Surrogacy: In want of a womb

By Efrosini Costa

Surrogacy: In want of a womb
The road to parenthood is paved with good intentions – and is not always conventional. As many people pursue surrogacy as a way to start a family, we look at the surrounding issues.

What if your body prevented you from realising an aspiration that felt fundamental to your very being? Would you be willing to accept its limitations?

A woman who wishes to start a family but finds she is unable to sustain a baby biologically is faced with this challenge, as are many loving couples, both heterosexual and same-sex, who long for children of their own.

Given a handful of reproductive options, they must choose to either resign themselves to their misfortune and set aside their hopes of a family, or find alternative, non-traditional means to get what they desire.
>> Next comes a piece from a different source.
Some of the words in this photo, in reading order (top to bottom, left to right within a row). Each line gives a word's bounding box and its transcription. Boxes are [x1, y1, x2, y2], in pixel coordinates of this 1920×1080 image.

Sometimes this involves a third party – one who can carry the baby to term, often many thousands of kilometres away.

Renting another woman’s womb to create a much-wanted child may sound futuristic, but surrogacy has been practised since prehistoric times.

Societies from the Native American Indians to Europe’s early royals all accepted altruistic surrogacy as a way of continuing family bloodlines. Now, thanks to scientific progress, today’s would-be parents are able to have their biological babies carried in the wombs of other women. 
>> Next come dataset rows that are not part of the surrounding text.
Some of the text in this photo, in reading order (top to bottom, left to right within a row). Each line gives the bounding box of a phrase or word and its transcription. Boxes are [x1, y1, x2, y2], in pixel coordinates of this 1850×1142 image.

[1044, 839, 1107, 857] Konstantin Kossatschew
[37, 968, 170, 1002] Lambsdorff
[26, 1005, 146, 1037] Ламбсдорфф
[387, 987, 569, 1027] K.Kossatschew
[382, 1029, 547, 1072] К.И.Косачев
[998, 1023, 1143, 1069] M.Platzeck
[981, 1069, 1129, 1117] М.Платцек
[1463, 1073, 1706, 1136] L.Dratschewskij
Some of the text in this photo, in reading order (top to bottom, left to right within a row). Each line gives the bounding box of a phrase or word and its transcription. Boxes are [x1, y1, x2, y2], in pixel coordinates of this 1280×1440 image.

Despite this, the risks and messy paperwork related to third-party pregnancy has seen it banned in many countries, leaving a few regions to bear the brunt of this lucrative area of global medical tourism. But what are the real costs of commercial surrogacy?

The fear is that when money rather than goodwill becomes the motivation, children become commodities and, “like any transaction, there is a capacity for exploitation”, argues Dr Simon Longstaff from the St James Ethics Centre, in light of international surrogacy scandals.

Like any industry, regulation is needed. Jenni Millbank, Professor of Law at the University of Technology in Sydney, believes we should be aiming for reproductive self-sufficiency at home rather than exporting our problems overseas. 

“If we did it properly here, we’d avoid exploitation of anybody … above all, the children.”